Magnification scotoma is the on-field-off-field blind zone created by your surgical magnification system.
By virtue of the fact that surgical magnification systems often magnify only a portion of the total field of vision, a certain blind zone occurs whenever an object is carried from the peripheral unmagnified field toward the magnified center of the field. In general, the greater the power of magnification, the greater the absolute size and proportion of the scotoma.
The scotoma can also be enlarged by a poor design of the telescope oculars or the device(s) on which they are suspended in the field of vision. In general, flip-up telescopes have greater potential for producing a larger scotoma than through-the-lens systems.
Non-coaxial telescope oculars can create enlarged scotomas (in addition to creating other problems, such as chromatic aberrations and diffractive viewing effects)
The greatest distress related to the magnification scotoma is related to the risk of poor control of instruments being moved into (or out of) the magnified field of view. The dangers are evident to both surgeons and patients as instruments are passed through this blind zone.

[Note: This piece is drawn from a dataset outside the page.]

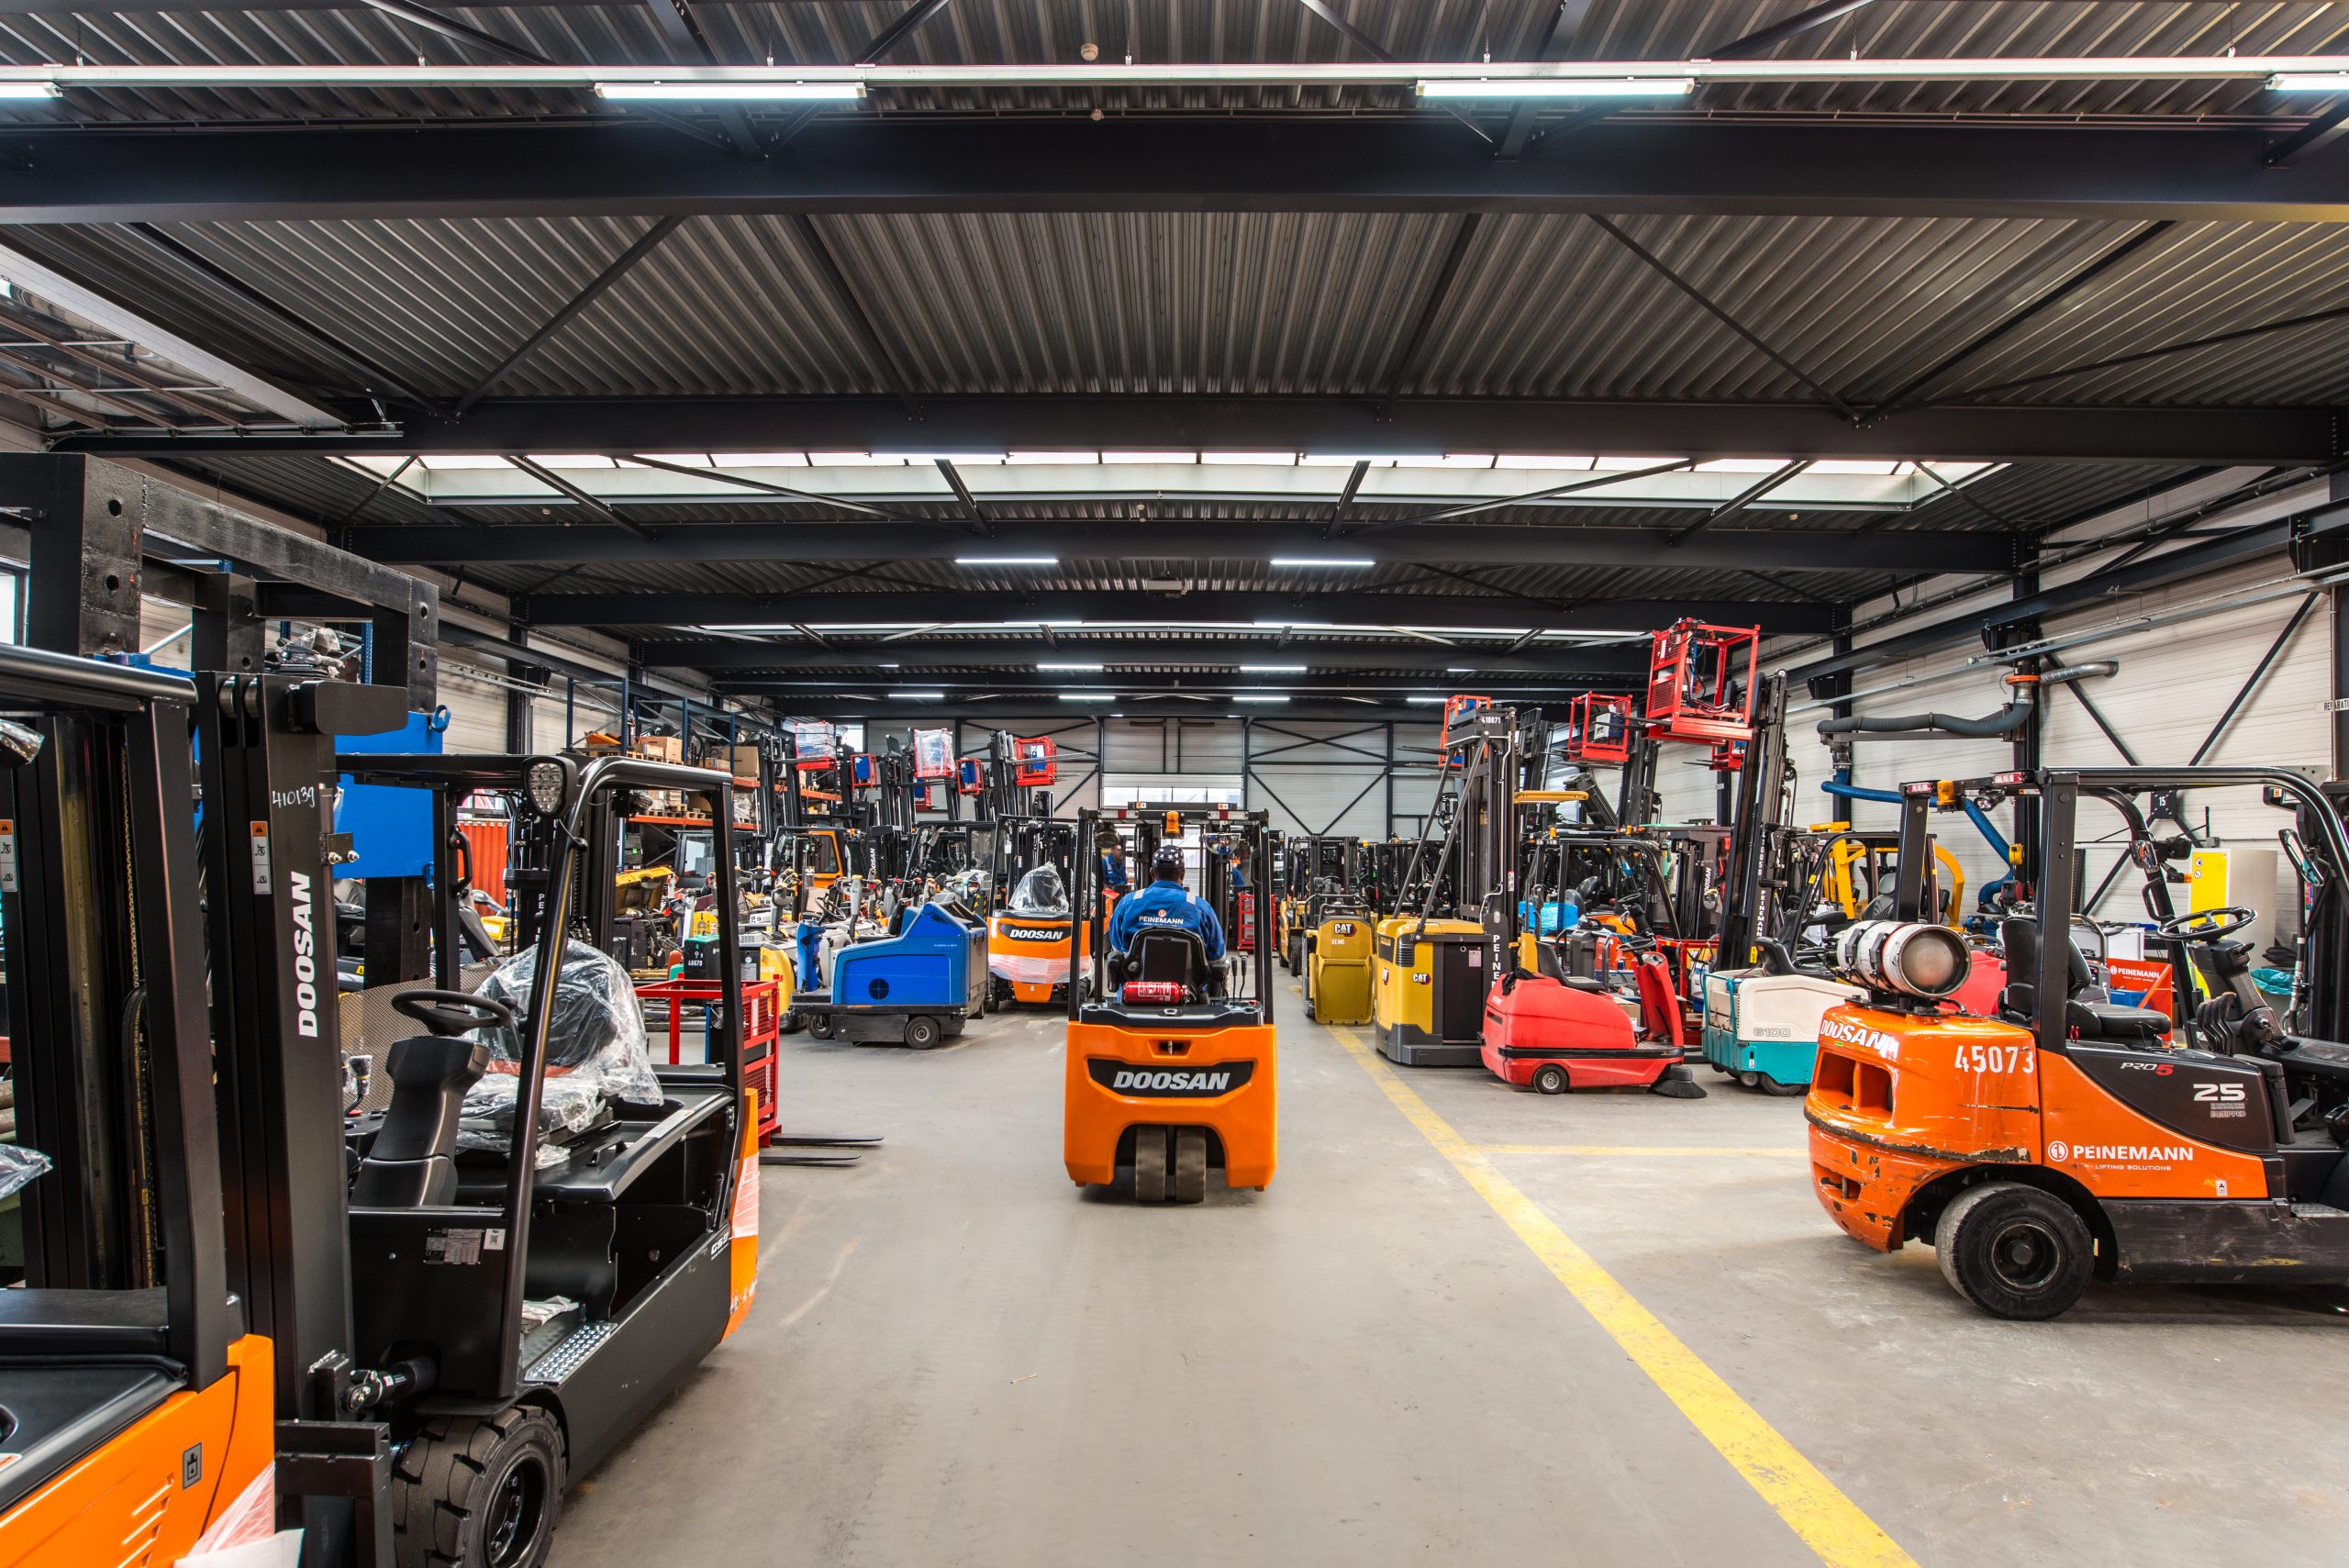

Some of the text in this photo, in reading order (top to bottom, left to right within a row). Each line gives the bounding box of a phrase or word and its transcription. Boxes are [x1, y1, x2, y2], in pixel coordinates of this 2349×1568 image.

Most surgeons learn to compensate by some combination of:
1) moving the telescopes aside until their instrument is placed and established with proprioceptive fulcrum at the operating site and/or
2) guiding the instrument to the operating site with any sharp points or edges guarded with gloved finger(s) until the instrument is under visual control in the magnified field of view.
Remember: Some degree of magnification scotoma is always present except for those telescope systems which offer no view whatever of the unmagnified (peripheral) field.